(Dataset items)
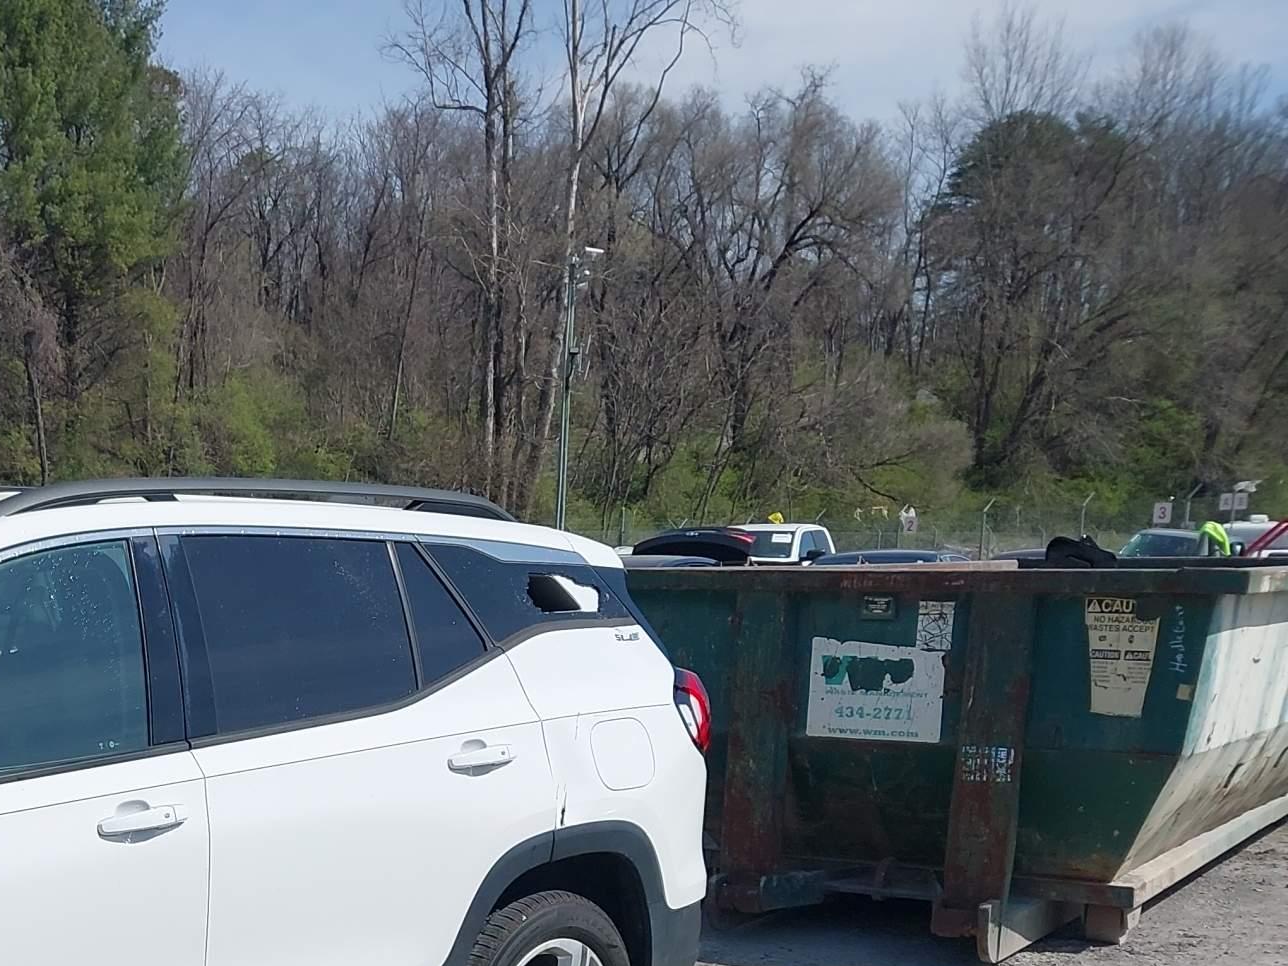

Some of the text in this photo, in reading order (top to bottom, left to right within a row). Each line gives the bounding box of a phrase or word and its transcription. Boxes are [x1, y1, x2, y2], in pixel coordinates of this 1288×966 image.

[1158, 506, 1167, 520] 3
[906, 520, 914, 532] 2
[1101, 599, 1136, 613] CAU
[1094, 616, 1107, 624] NO
[834, 703, 912, 721] 434-2771
[828, 727, 919, 738] www.wm.com
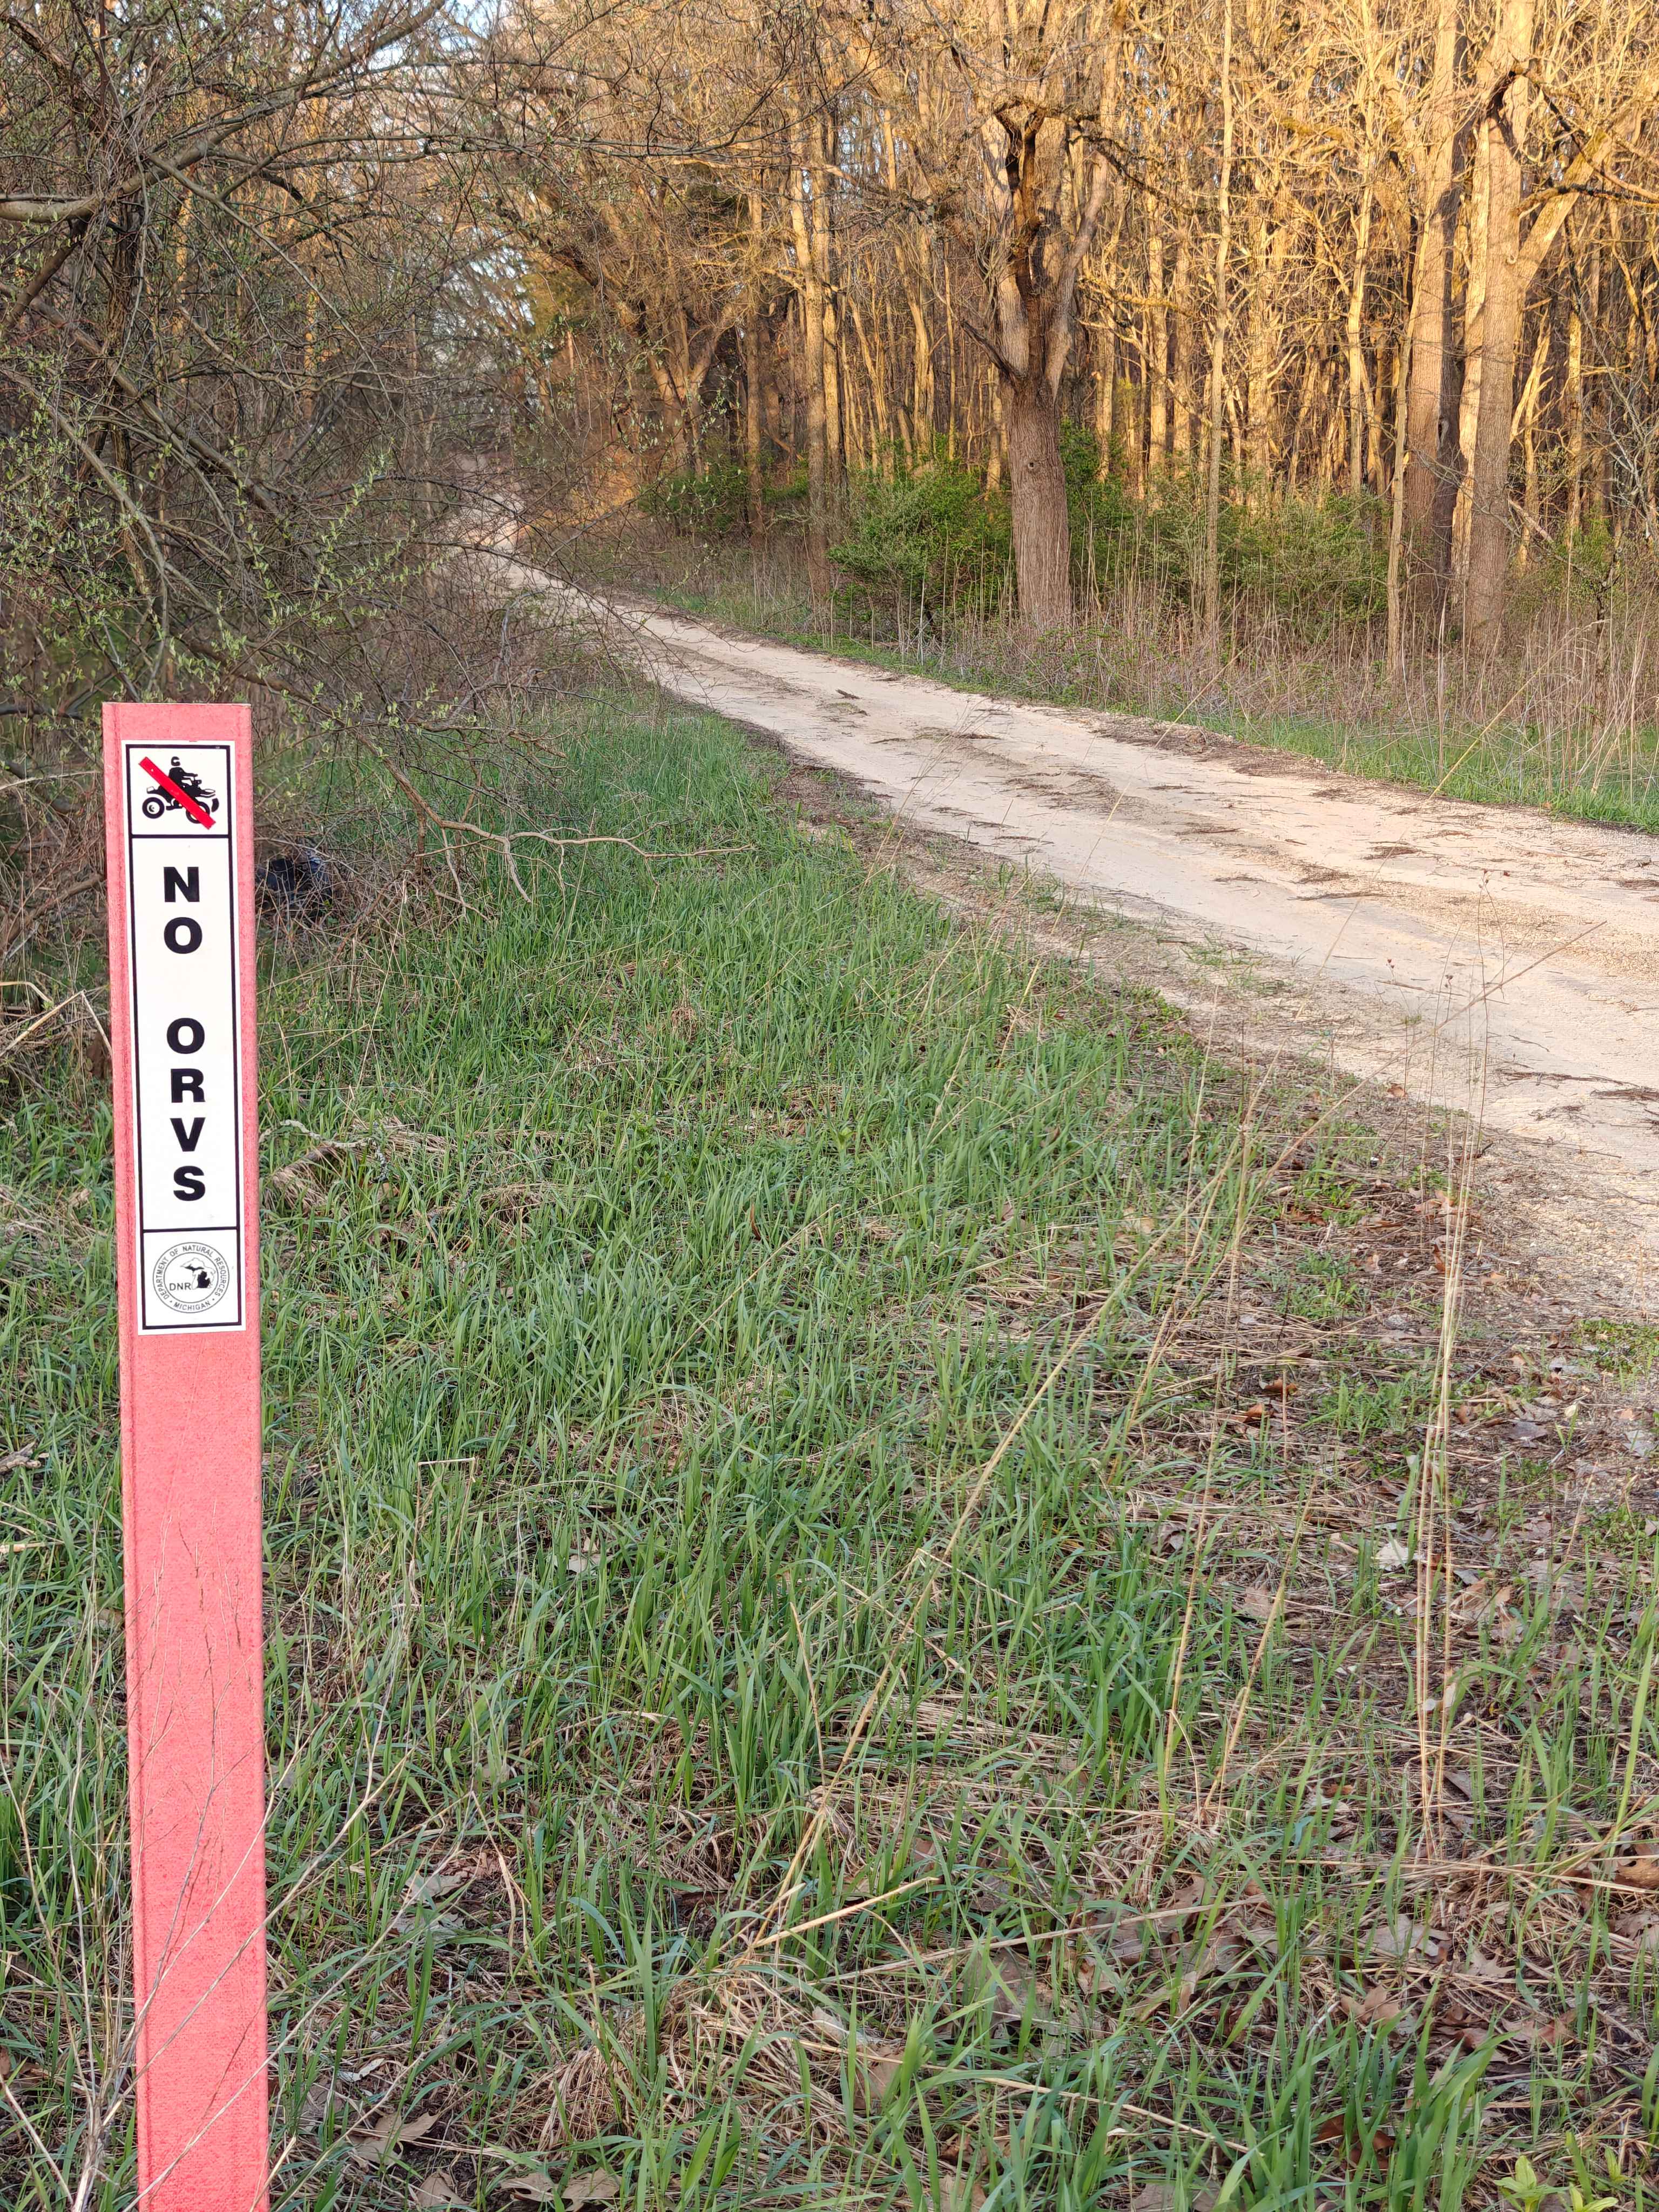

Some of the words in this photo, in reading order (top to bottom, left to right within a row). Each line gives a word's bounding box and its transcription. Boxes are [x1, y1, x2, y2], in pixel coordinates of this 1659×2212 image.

[164, 866, 203, 954] NO
[166, 1017, 206, 1202] ORVS
[156, 1257, 170, 1300] DEPARTMENT
[170, 1249, 179, 1257] OF
[183, 1245, 214, 1257] NATURAL
[214, 1257, 227, 1297] RESOURCES
[169, 1283, 191, 1291] DNR
[173, 1300, 211, 1311] MICHIGAN

**EXERCISE DIRECTIONS:** In the answer, please give only the lines from the line containing "Some of the words" through the final line of the data, copied exactly.

**EXERCISE ANSWER:**
Some of the words in this photo, in reading order (top to bottom, left to right within a row). Each line gives a word's bounding box and its transcription. Boxes are [x1, y1, x2, y2], in pixel coordinates of this 1659×2212 image.

[164, 866, 203, 954] NO
[166, 1017, 206, 1202] ORVS
[156, 1257, 170, 1300] DEPARTMENT
[170, 1249, 179, 1257] OF
[183, 1245, 214, 1257] NATURAL
[214, 1257, 227, 1297] RESOURCES
[169, 1283, 191, 1291] DNR
[173, 1300, 211, 1311] MICHIGAN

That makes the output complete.